> Exercise description
The entries below are to be reproduced exactly, with their pictures omitted.

> Working data
********
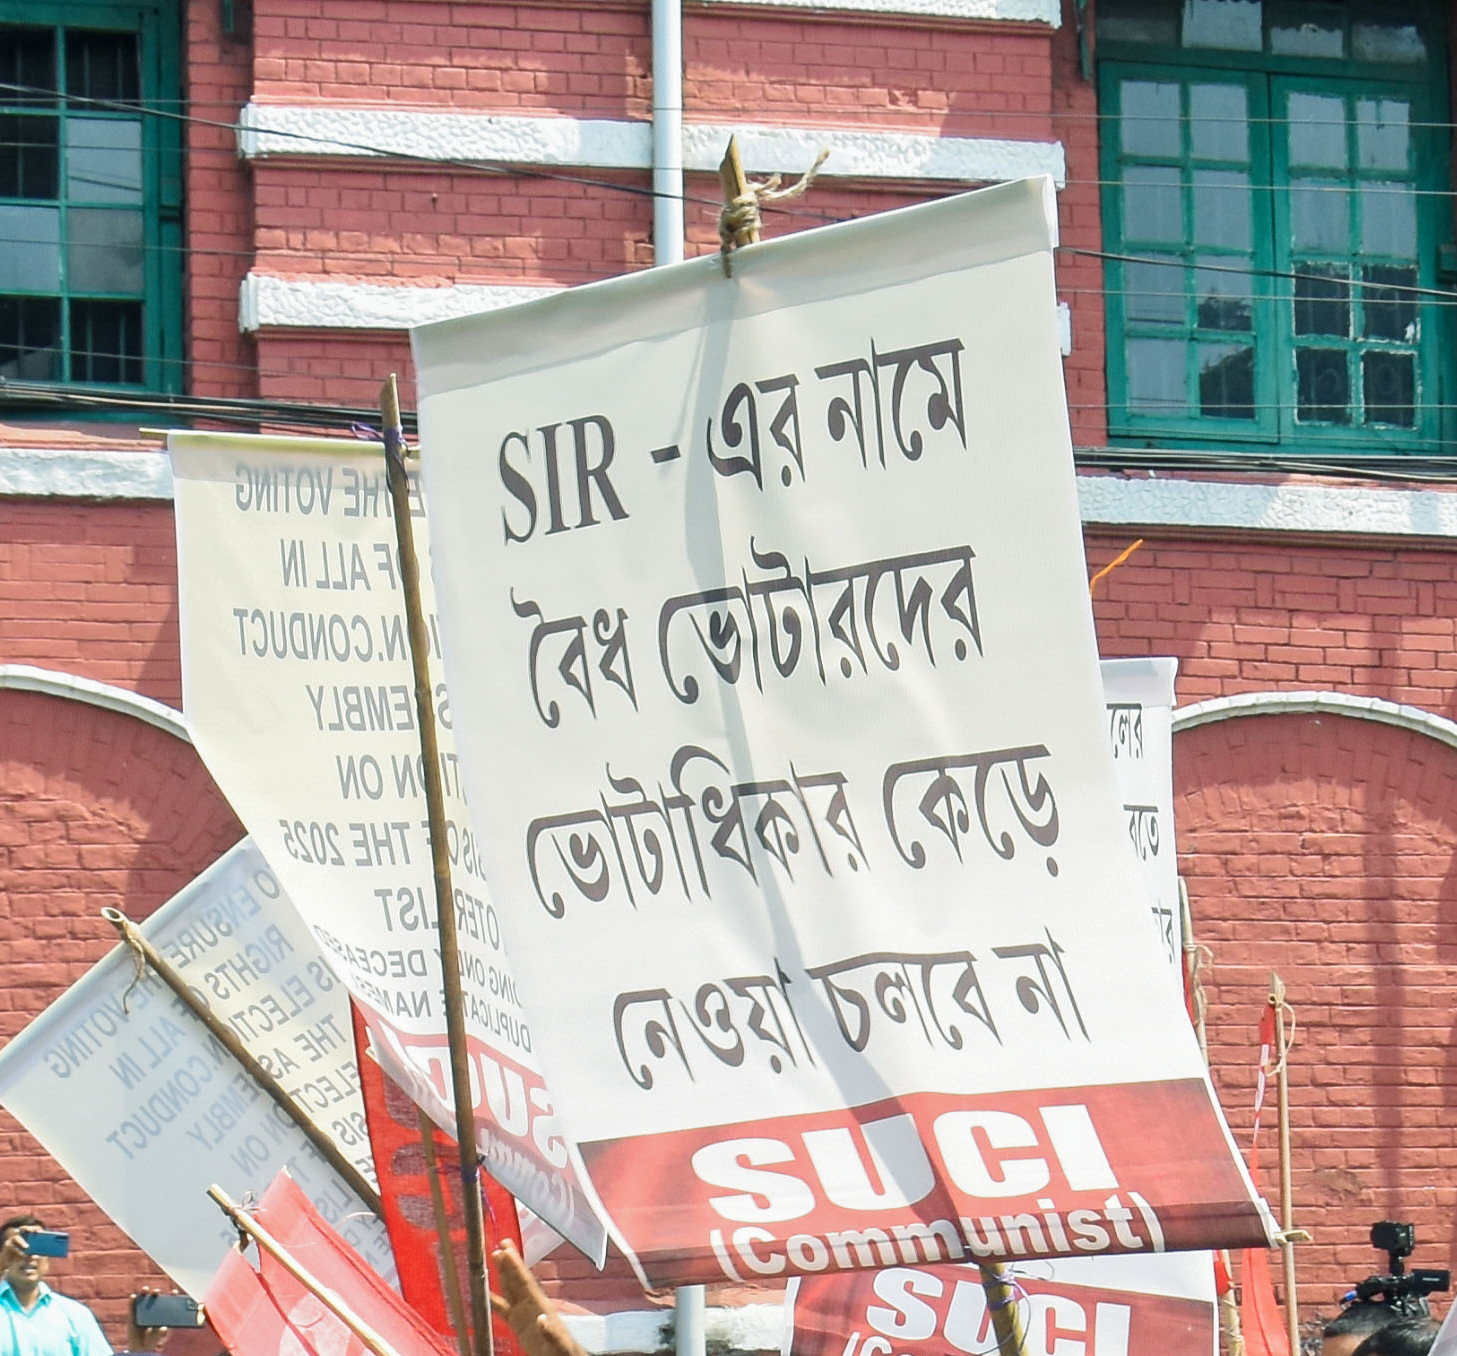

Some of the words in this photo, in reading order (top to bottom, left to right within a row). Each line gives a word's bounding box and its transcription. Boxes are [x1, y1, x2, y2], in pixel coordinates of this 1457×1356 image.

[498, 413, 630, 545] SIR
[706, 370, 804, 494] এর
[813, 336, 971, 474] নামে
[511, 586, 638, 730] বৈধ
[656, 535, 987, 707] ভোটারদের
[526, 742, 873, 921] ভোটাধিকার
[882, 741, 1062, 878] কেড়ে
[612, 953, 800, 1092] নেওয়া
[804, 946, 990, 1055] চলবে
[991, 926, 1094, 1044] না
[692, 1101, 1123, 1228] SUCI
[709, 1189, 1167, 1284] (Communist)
********
> Answer area
Some of the words in this photo, in reading order (top to bottom, left to right within a row). Each line gives a word's bounding box and its transcription. Boxes are [x1, y1, x2, y2], in pixel coordinates of this 1457×1356 image.

[498, 413, 630, 545] SIR
[706, 370, 804, 494] এর
[813, 336, 971, 474] নামে
[511, 586, 638, 730] বৈধ
[656, 535, 987, 707] ভোটারদের
[526, 742, 873, 921] ভোটাধিকার
[882, 741, 1062, 878] কেড়ে
[612, 953, 800, 1092] নেওয়া
[804, 946, 990, 1055] চলবে
[991, 926, 1094, 1044] না
[692, 1101, 1123, 1228] SUCI
[709, 1189, 1167, 1284] (Communist)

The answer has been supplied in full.